Abstract:
Objective By comparing the performance of various machine learning models in predicting gene expression in pigs utilizing single nucleotide polymorphisms (SNP), we investigated the relationship among cis-heritability (cis-h2), the number of cis-SNPs and the prediction accuracy.
Method Based on the protein encoding genes of pigs derived from muscle tissue of the PigGTEx project, we trained 18 distinct machine learning models by employing cis-SNPs located within a ±1 Mb window from the transcription start sites of genes. Subsequently, we evaluated the prediction accuracy of each model.

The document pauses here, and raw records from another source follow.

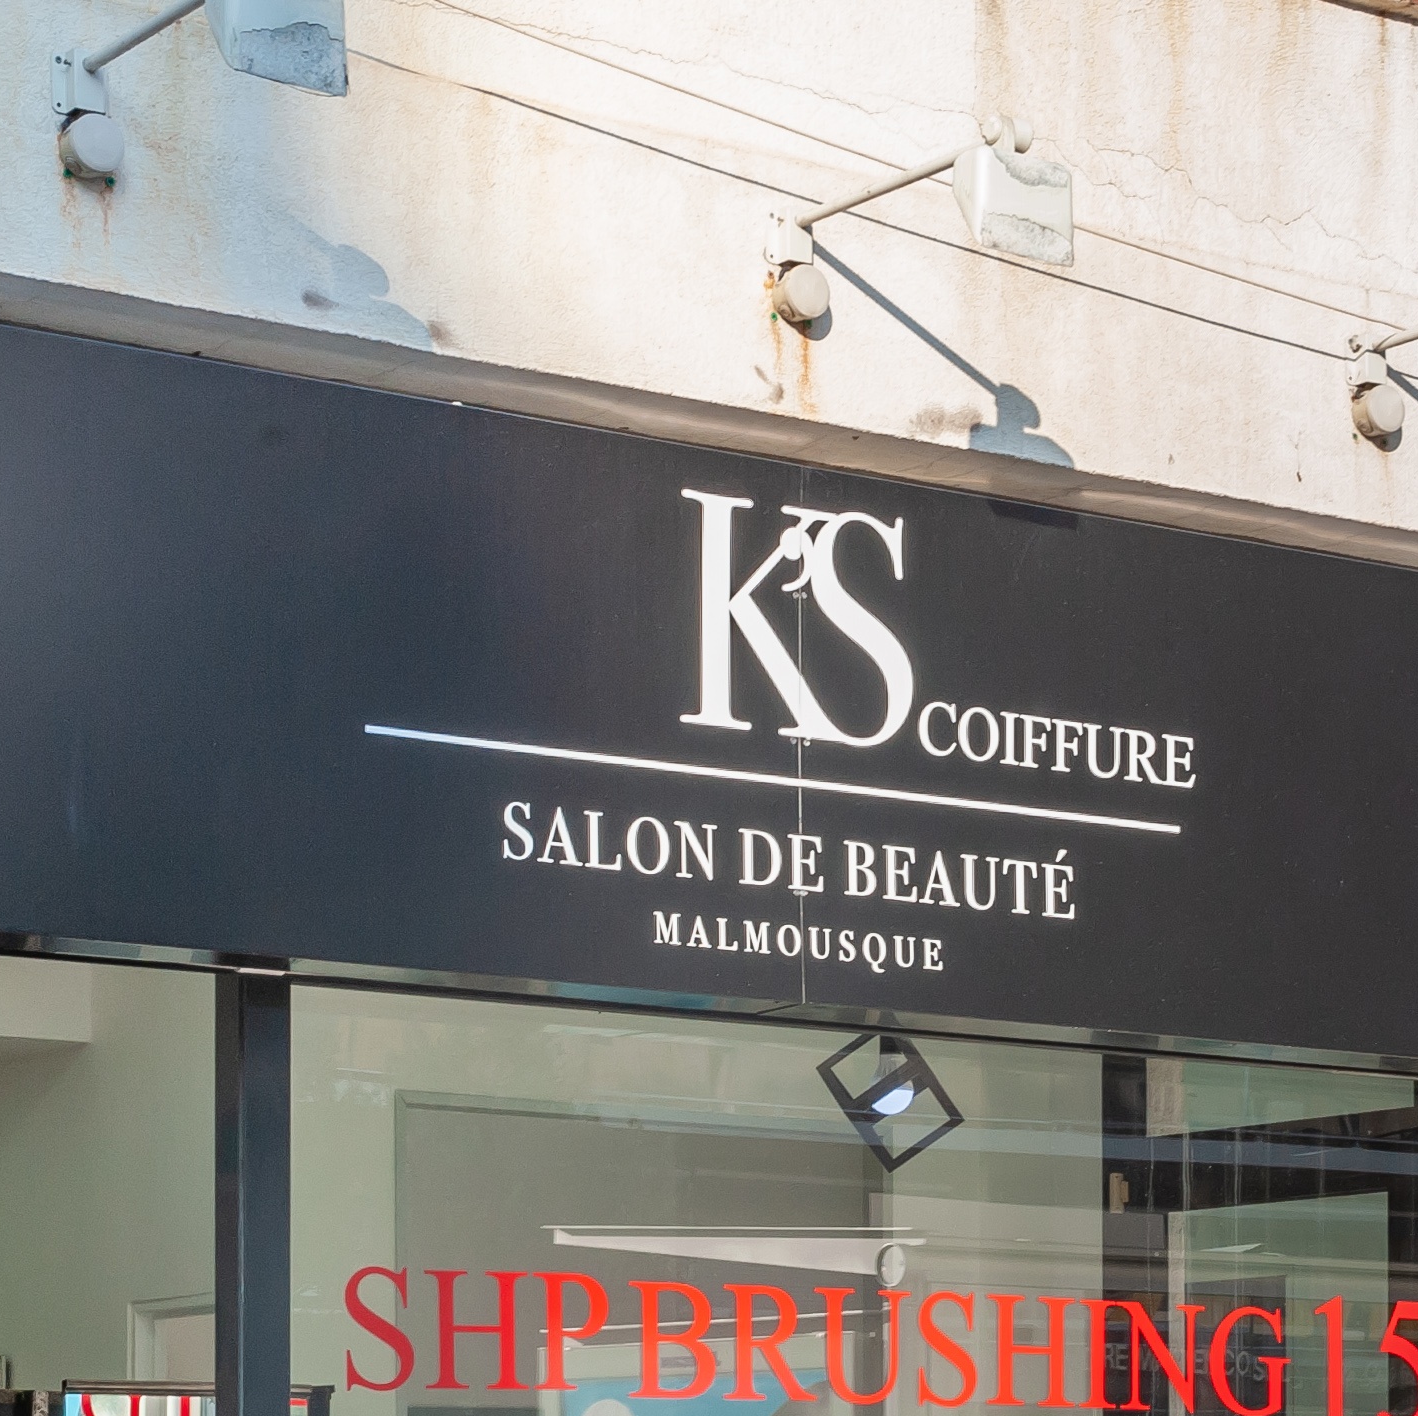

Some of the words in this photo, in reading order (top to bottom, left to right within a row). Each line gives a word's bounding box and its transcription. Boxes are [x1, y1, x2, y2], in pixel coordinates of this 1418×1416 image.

[918, 700, 1197, 790] COIFFURE
[502, 801, 717, 880] SALON
[738, 827, 825, 895] DE
[843, 840, 1076, 921] BEAUTÉ
[653, 911, 945, 974] MALMOUSQUE
[344, 1265, 609, 1394] SHP

Result There wasa positive correlation between the prediction accuracy of machine learning models and the cis-h2 values of genes. Notably, the Elastic Net regression model and the Lasso regression model exhibited the highest overall prediction accuracy, with mean R2 values of 0.0362 and 0.0358, respectively. Furthermore, there was a positive correlation between the prediction accuracy of these machine learning models and the number of cis-SNPs around the genes within certain range.
Conclusion The accuracy of utilizing machine learning models to predict gene expression in pigs is largely influenced by both cis-h2 and the number of cis-SNPs. Therefore, selecting an appropriate machine learning model tailored to the specific cis-h2 values and the number of cis-SNPs of different genes of pigs can be advantageous in enhancing prediction accuracy.